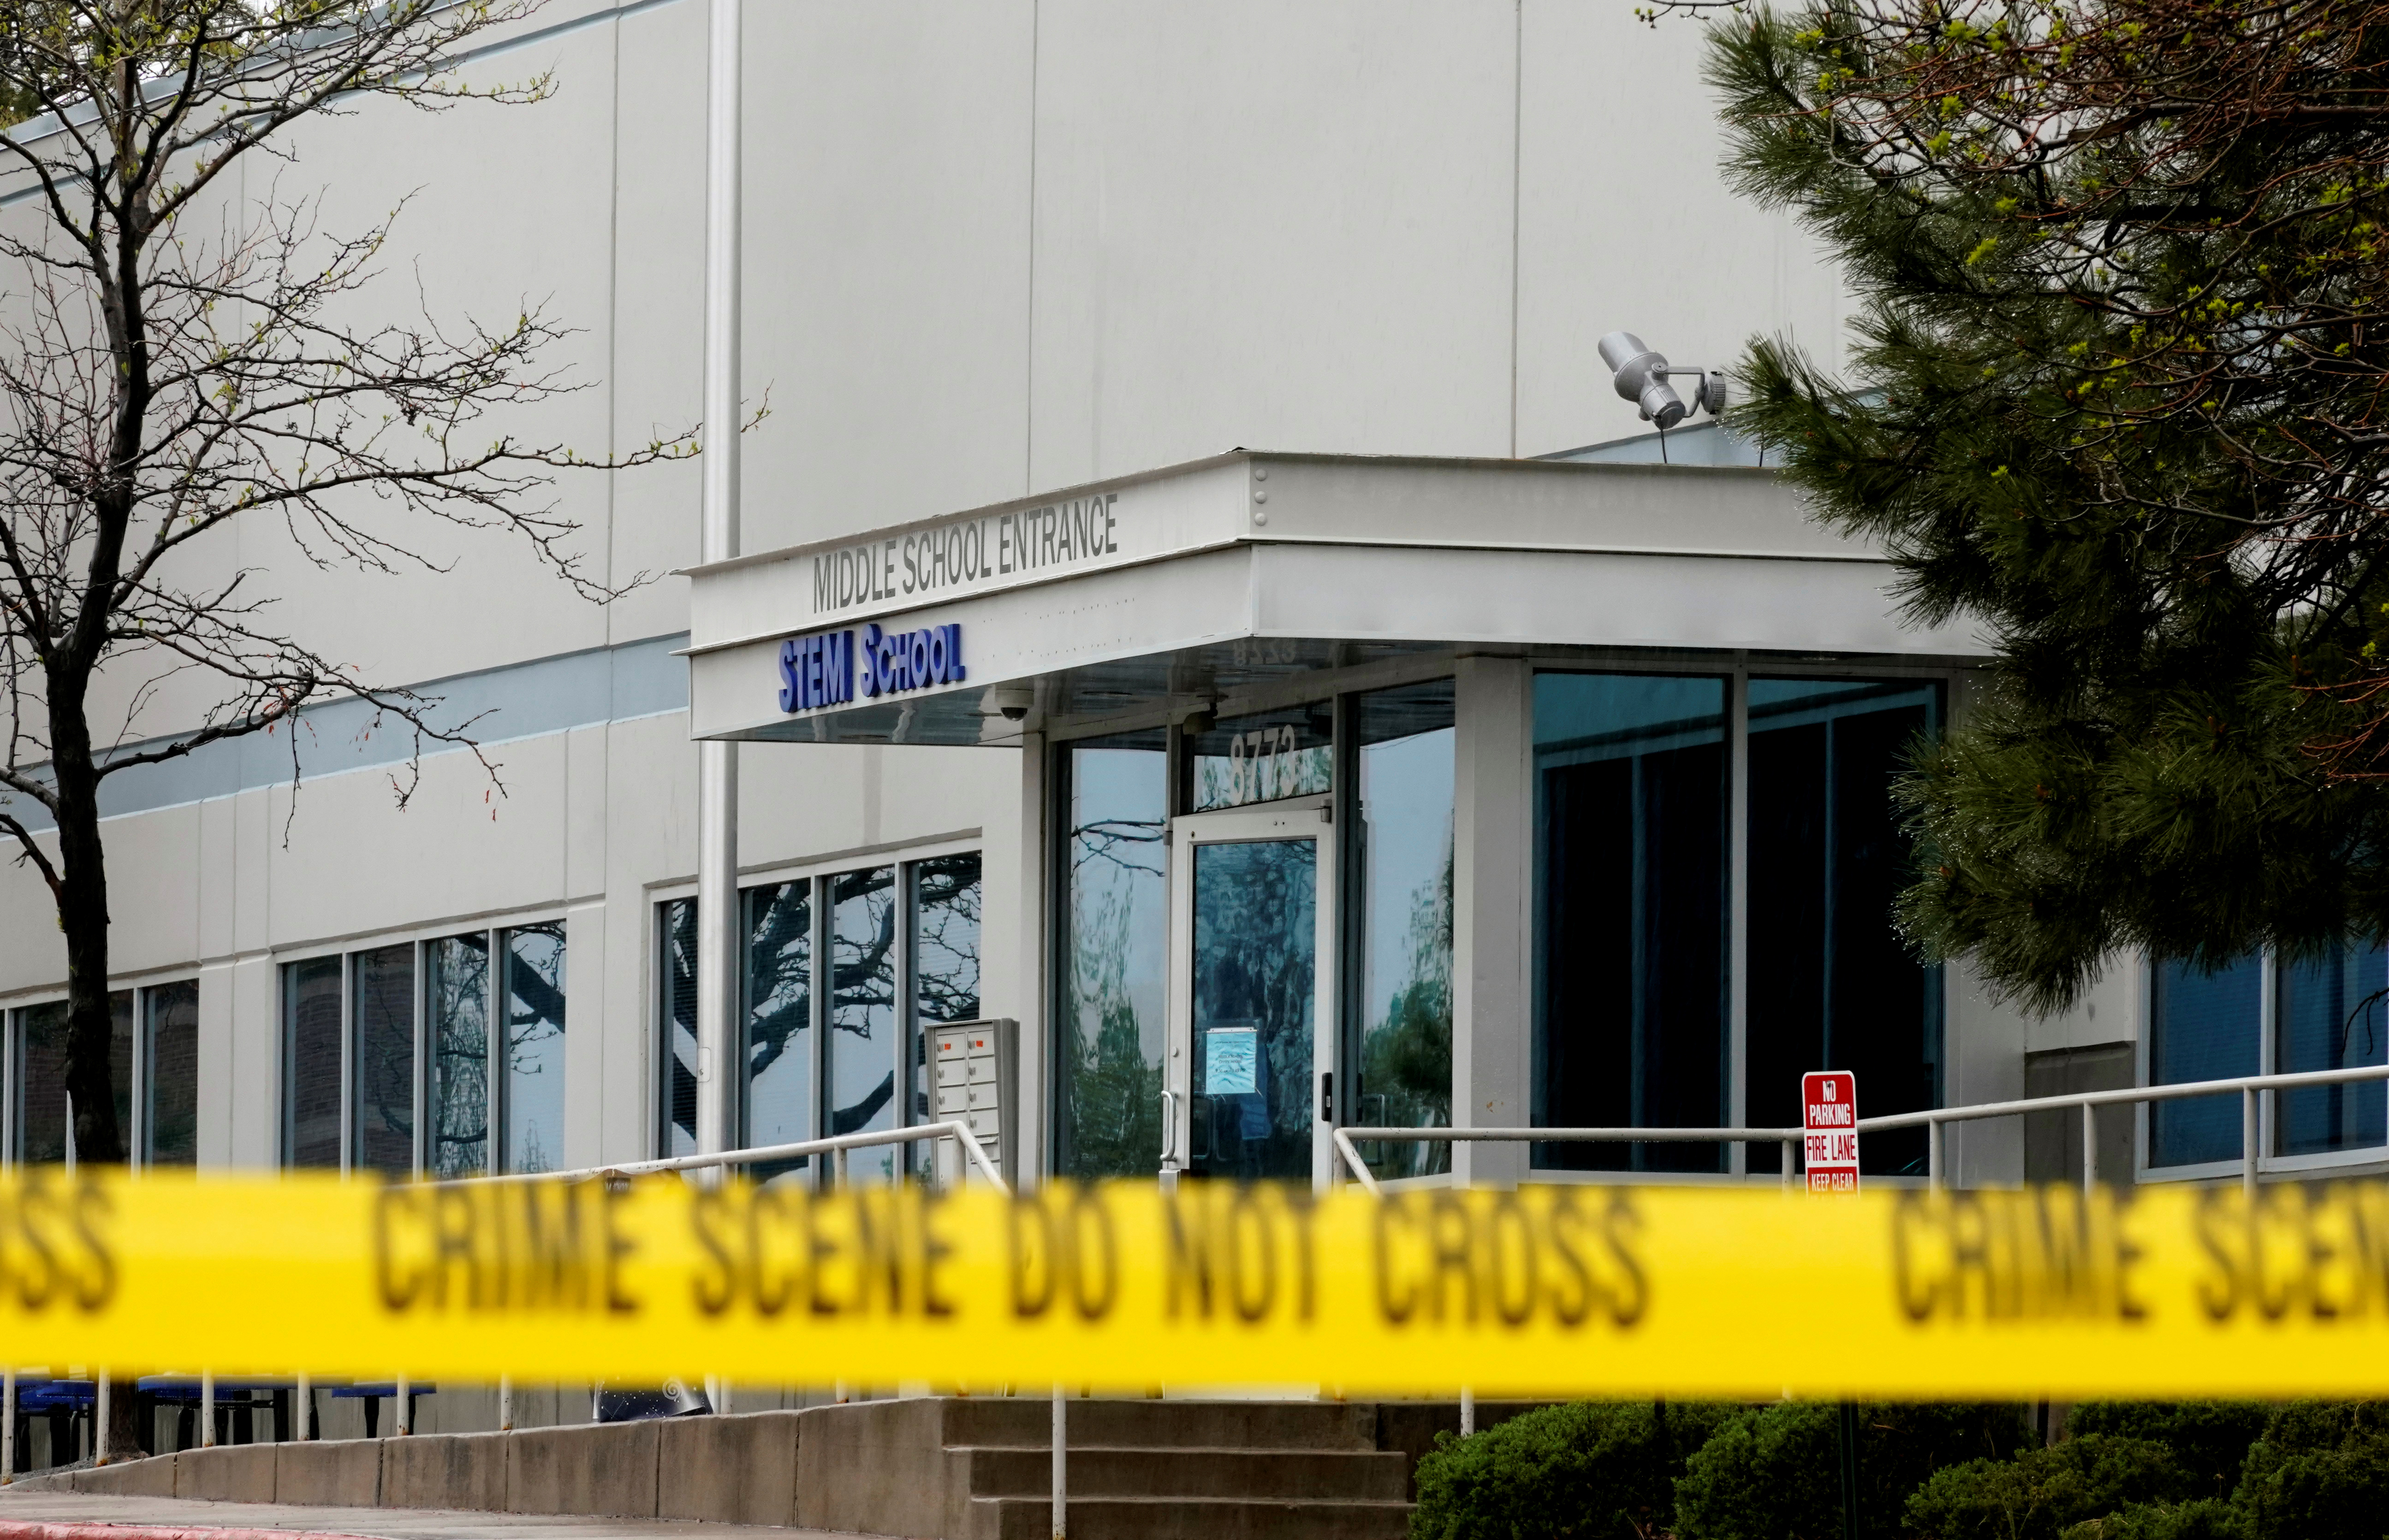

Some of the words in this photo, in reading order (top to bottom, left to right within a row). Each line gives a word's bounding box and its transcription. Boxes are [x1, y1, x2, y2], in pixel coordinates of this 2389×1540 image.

[813, 540, 897, 614] MIDDLE
[903, 518, 992, 595] SCHOOL
[999, 493, 1118, 575] ENTRANCE
[778, 629, 853, 713] STEM
[1230, 723, 1296, 806] 8773
[1809, 1103, 1851, 1126] PARKING
[1822, 1080, 1836, 1102] NO
[1806, 1135, 1827, 1161] FIRE
[1831, 1134, 1856, 1161] LANE
[1811, 1173, 1830, 1192] KEEP
[1832, 1173, 1854, 1191] CLEAR
[374, 1180, 642, 1318] CRIME
[690, 1183, 957, 1320] SCENE
[1006, 1186, 1118, 1323] DO
[1159, 1186, 1322, 1326] NOT
[1373, 1188, 1652, 1329] CROSS
[1889, 1186, 2153, 1326] CRIME
== == ==
> [PROBLEM] Output each record above exactly; omit the images.

> [OUTPUT FOR THIS TASK]
Some of the words in this photo, in reading order (top to bottom, left to right within a row). Each line gives a word's bounding box and its transcription. Boxes are [x1, y1, x2, y2], in pixel coordinates of this 2389×1540 image.

[813, 540, 897, 614] MIDDLE
[903, 518, 992, 595] SCHOOL
[999, 493, 1118, 575] ENTRANCE
[778, 629, 853, 713] STEM
[1230, 723, 1296, 806] 8773
[1809, 1103, 1851, 1126] PARKING
[1822, 1080, 1836, 1102] NO
[1806, 1135, 1827, 1161] FIRE
[1831, 1134, 1856, 1161] LANE
[1811, 1173, 1830, 1192] KEEP
[1832, 1173, 1854, 1191] CLEAR
[374, 1180, 642, 1318] CRIME
[690, 1183, 957, 1320] SCENE
[1006, 1186, 1118, 1323] DO
[1159, 1186, 1322, 1326] NOT
[1373, 1188, 1652, 1329] CROSS
[1889, 1186, 2153, 1326] CRIME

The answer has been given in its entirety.